The West Face goes under the Douglas chairlift. Because it was a weekday, there weren't lots of people to see me floundering as I scratched my way downhill, skidded through a series of turns, and after taking a deep breath, repeat the process again. And again.
It was supposed to be my last run before lunch, but I wanted to stop on a positive note. So instead of rejoining skiing friends Dave Mauser and Mike Reeder, I hopped back on the Douglas chair. Instead of West Face, I enjoyed a zippy-fast, nonstop ski down Highland Glide, an intermediate run. It was icy, but in comparison it was a zippity-doo-dah breeze.
After lunch, the runs seemed easier. Although lower sections had softening snow, runs off the Douglas and Coyote chairs were still hard-packed and icy but, after West Face, they seemed quick and fun.

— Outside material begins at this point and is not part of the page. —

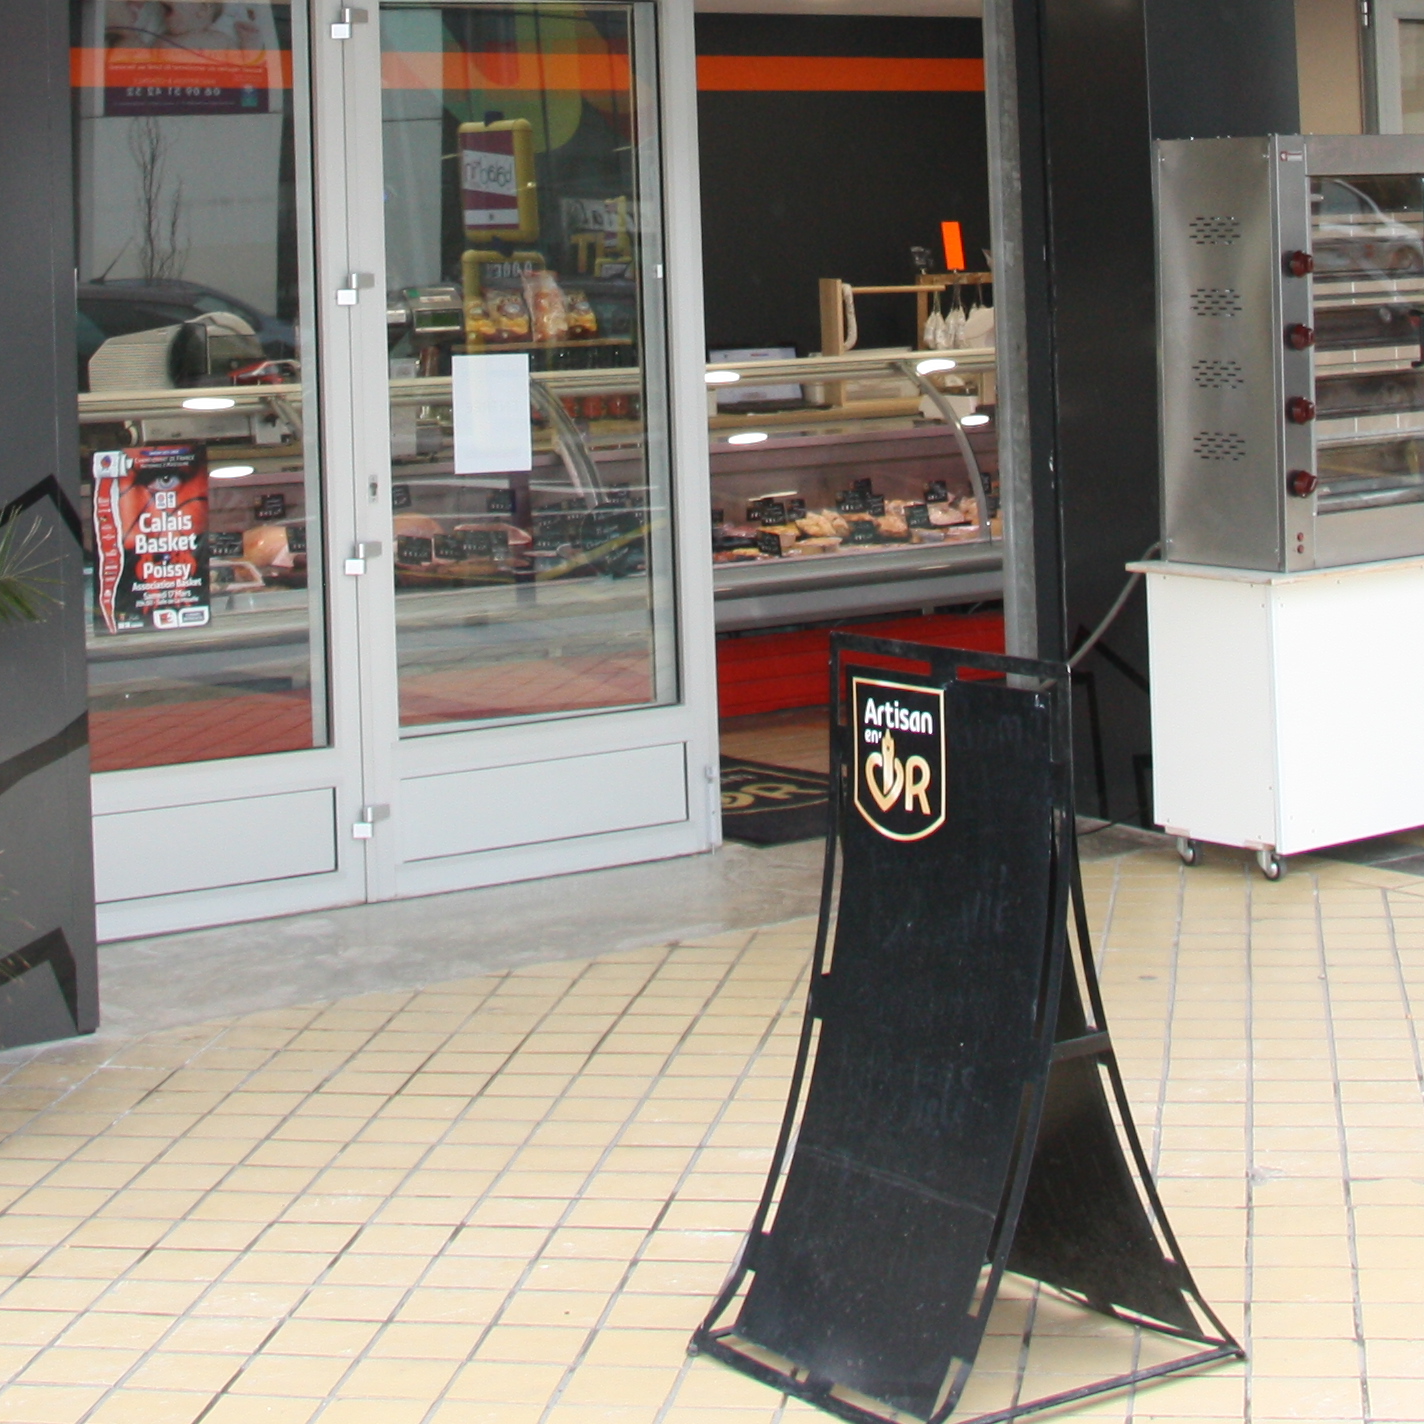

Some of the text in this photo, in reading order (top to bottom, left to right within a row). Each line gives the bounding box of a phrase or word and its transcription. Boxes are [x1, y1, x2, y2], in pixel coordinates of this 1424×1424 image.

After telling Jason Young, Shasta Ski Park's general manager, an abbreviated version of my West Face tale, he laughed.
"I'm a ski racer," he laughed. "I call those fast."
Changing weather — fresh snow was expected the past few days — will make West Face and other "fast" runs more doable for nonracers.
In any weather, Ski Shasta is excellent for all ranges of skiers and snowboarders. It's especially good for first-time and beginner skiers, with a series of easy to increasingly more aggressive green runs off the Marmot chair. Intermediate and expert skiers can be challenged from both the Coyote and Douglas chairs.
Also available are two terrain parks, Silver Tip for beginners and Revolution for advanced skiers and riders, offering everything from small rails, table tops and boxes to more diverse and difficult rails, boxes and bonks.
Beyond the Boundaries, a program offered through Shasta Mountain Guides, takes backcountry skiers and riders out of the Ski Park to neighboring Grey Butte for pick-your-own routes through open glades, old-growth tree runs and meadows.
Less daunting is the tubing hill, a kids-oriented activity offered Fridays and Saturdays from 9 a.m. to 4 p.m.
"We try to have a variety of things for people to do," Young says, referring to the tubing hill, terrain parks and backcountry ski outings.
But Young emphasizes Shasta Ski, which last month celebrated its 31st anniversary, is focused on opportunities for downhill skiing and snowboarding, insisting, "That's what we're providing, good skiing and snowboarding."
After some difficult winters — Shasta Ski was closed two seasons because of drought — Young says heavy snow last winter and this winter have revived the area.
"This has been a good year for us. We're ecstatic to have everybody out on the mountain enjoying themselves," he says, terming this season's snow the best in a decade.
While holidays and weekends can lure upward of 3,000 people, that's not the case Mondays through Thursdays, when reduced rates are offered.
"You could about have the mountain to yourself," Young says. "That's one of the beauties of Shasta."